My Oh Zone

Following the recent, welcome news that the hole in the Ozone has shrunk slightly, I have some sad news for the science community.  The shrinkage is going to be shortlived guys and girls, because I am producing enough noxious gas to rip it wide open again.  I was warned pre-op that things could get a bit windy, but really!  There have been a few occasions over recent days when it has got a bit bloody ridiculous.

The problem is, that the stoma bag is attached to my skin by a sticky pad and of course it is sealed against leaks from the fluid and the more solid outputs from my ruminative efforts.  The bag has a small charcoal filter that allows the gaseous emission out discreetly, but unfortunately my guffy expulsions are just it seems, to voluminous for the system to cope with at the moment.  So on a couple of occasions, I have had to contend with the challenge of having the equivalent of a small holiday inflatable lilo attached to my stomach whilst I move around or attempt to sleep.  I have released the build-up of gas on one occasion, but had to promise not to do it again after it was pointed out that I was at risk of setting off all the carbon monoxide gas detectors in the the village.

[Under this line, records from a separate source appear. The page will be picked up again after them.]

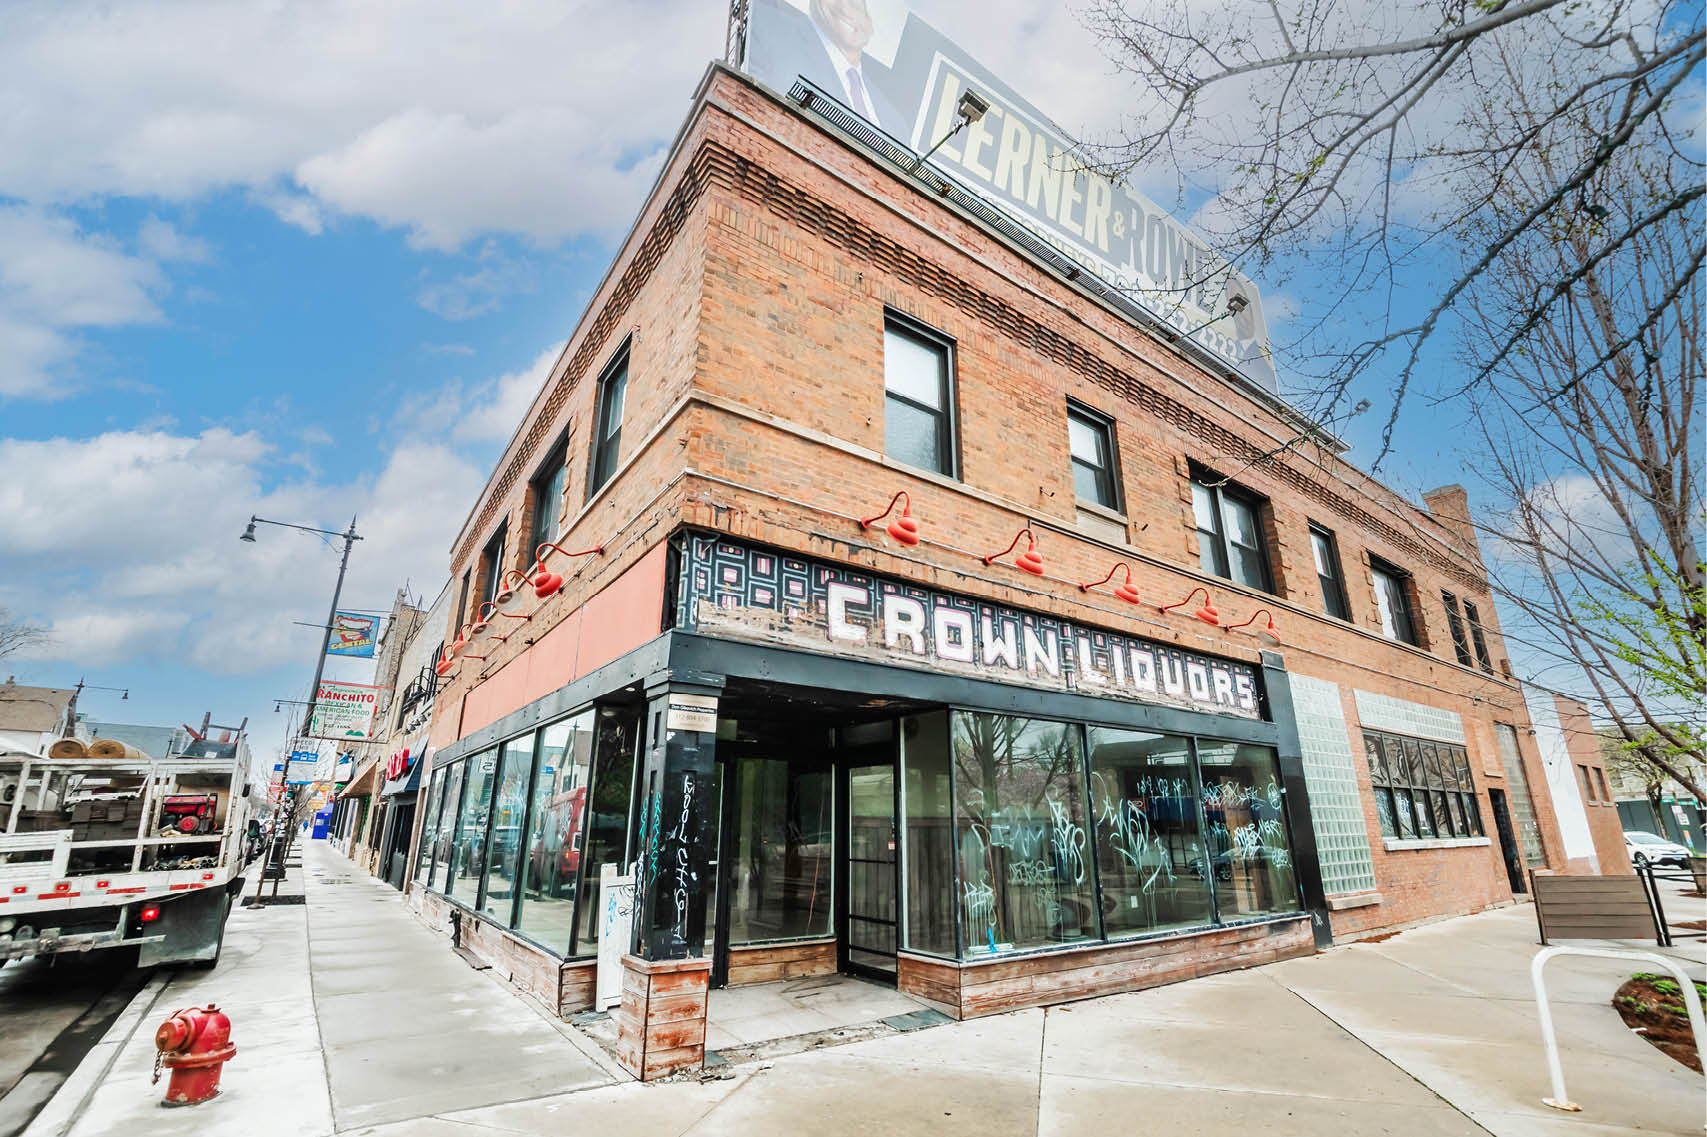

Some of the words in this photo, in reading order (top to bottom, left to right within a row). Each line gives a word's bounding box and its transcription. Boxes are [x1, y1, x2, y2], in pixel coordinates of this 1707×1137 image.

[929, 72, 1113, 253] LERNER
[828, 582, 1059, 677] CROWN
[1077, 636, 1255, 708] LIQUORS
[314, 705, 350, 715] AMERICAN
[351, 708, 370, 716] FOOD
[317, 688, 375, 703] RANCHITO

I hope this is just a phase and me and my bag will settle down to a more regular and gentle output over coming weeks.  If is doesn’t, I could always build a new career offering my services to holidaymakers up and down the Somerset Coast breathing life in to their inflatables.

Andrew Williams

50 year old, living with his colon and bowel cancer and all that that entails. Quietly sweary, family man living in Somerset, UK.